### WORK REQUIRED
Go through the records below and set each one down exactly, leaving out any pictures.

Collected data entries
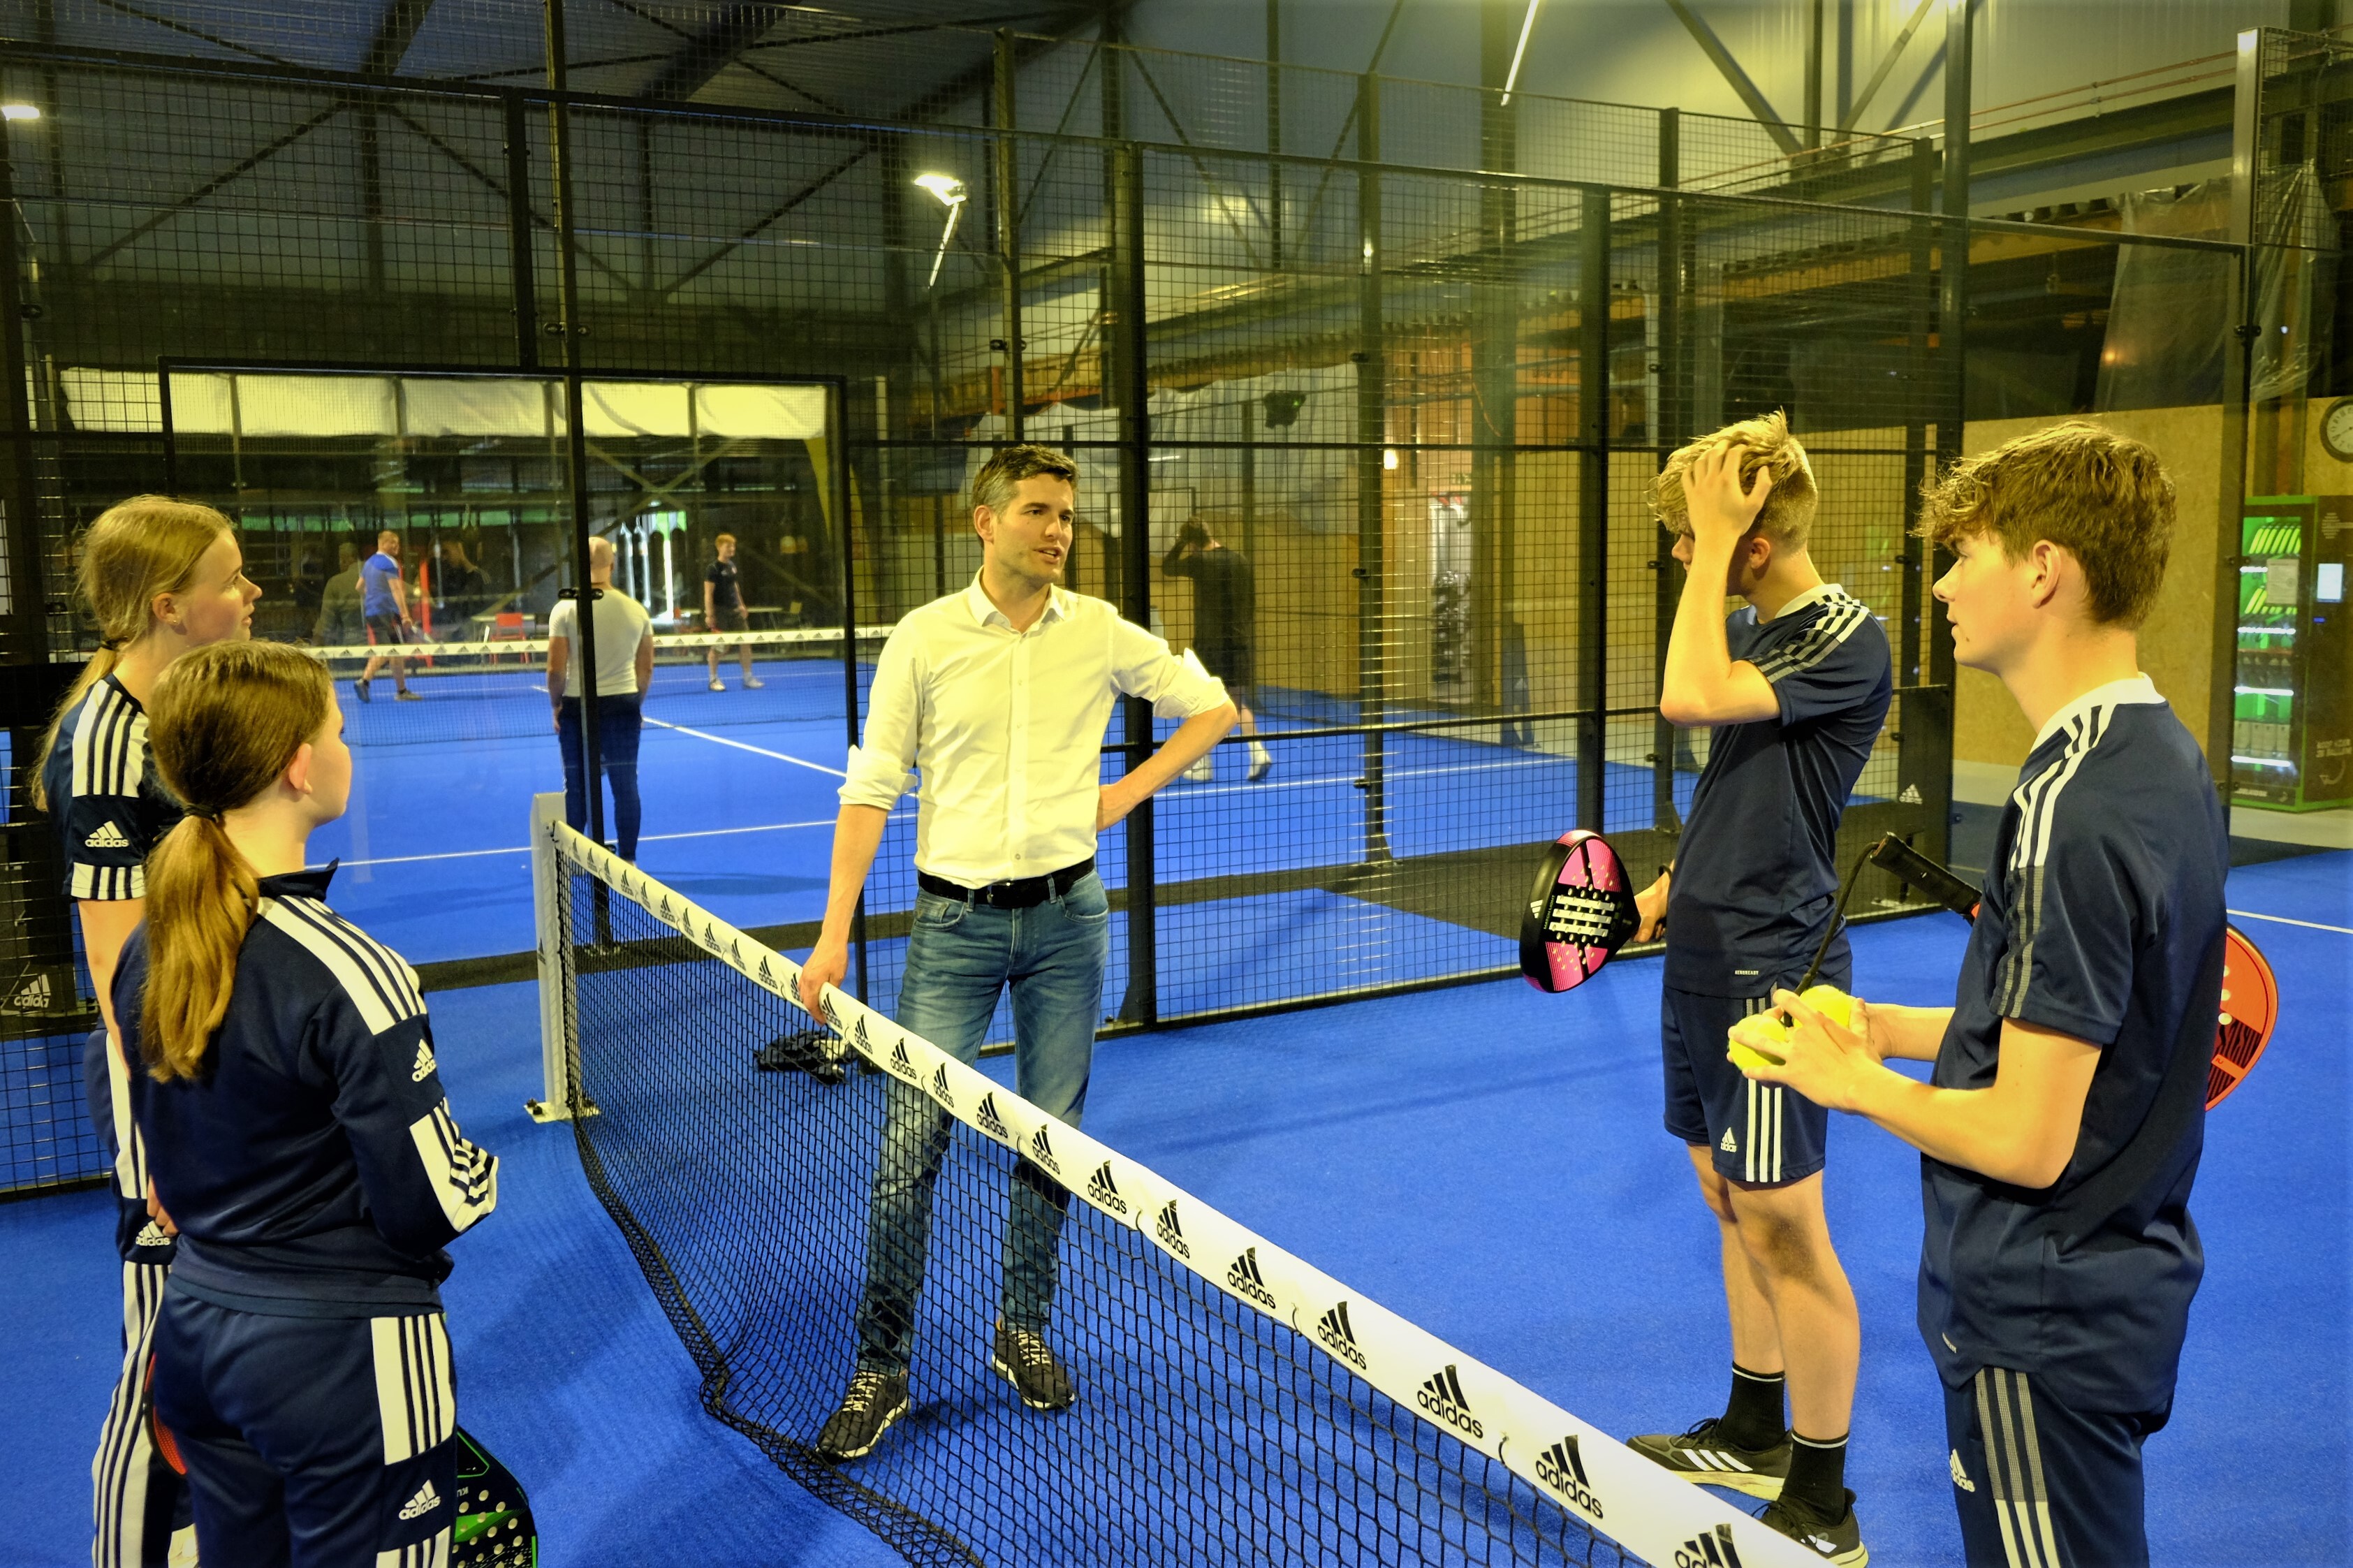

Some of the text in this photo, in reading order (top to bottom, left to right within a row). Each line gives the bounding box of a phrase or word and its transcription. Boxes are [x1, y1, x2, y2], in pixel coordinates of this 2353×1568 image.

[85, 838, 129, 847] adidas
[14, 995, 50, 1008] adida
[855, 1033, 873, 1055] adidas
[890, 1057, 917, 1080] adidas
[933, 1083, 954, 1108] adidas
[977, 1113, 1008, 1138] adidas
[1032, 1145, 1060, 1175] adidas
[1087, 1182, 1127, 1215] adidas
[1157, 1222, 1190, 1259] adidas
[1227, 1271, 1276, 1309] adidas
[1317, 1323, 1367, 1370] adidas
[1417, 1389, 1483, 1439] adidas
[1536, 1460, 1604, 1519] adidas
[399, 1496, 441, 1520] adidas

### ANSWER TO THE EXERCISE
Some of the text in this photo, in reading order (top to bottom, left to right within a row). Each line gives the bounding box of a phrase or word and its transcription. Boxes are [x1, y1, x2, y2], in pixel coordinates of this 2353×1568 image.

[85, 838, 129, 847] adidas
[14, 995, 50, 1008] adida
[855, 1033, 873, 1055] adidas
[890, 1057, 917, 1080] adidas
[933, 1083, 954, 1108] adidas
[977, 1113, 1008, 1138] adidas
[1032, 1145, 1060, 1175] adidas
[1087, 1182, 1127, 1215] adidas
[1157, 1222, 1190, 1259] adidas
[1227, 1271, 1276, 1309] adidas
[1317, 1323, 1367, 1370] adidas
[1417, 1389, 1483, 1439] adidas
[1536, 1460, 1604, 1519] adidas
[399, 1496, 441, 1520] adidas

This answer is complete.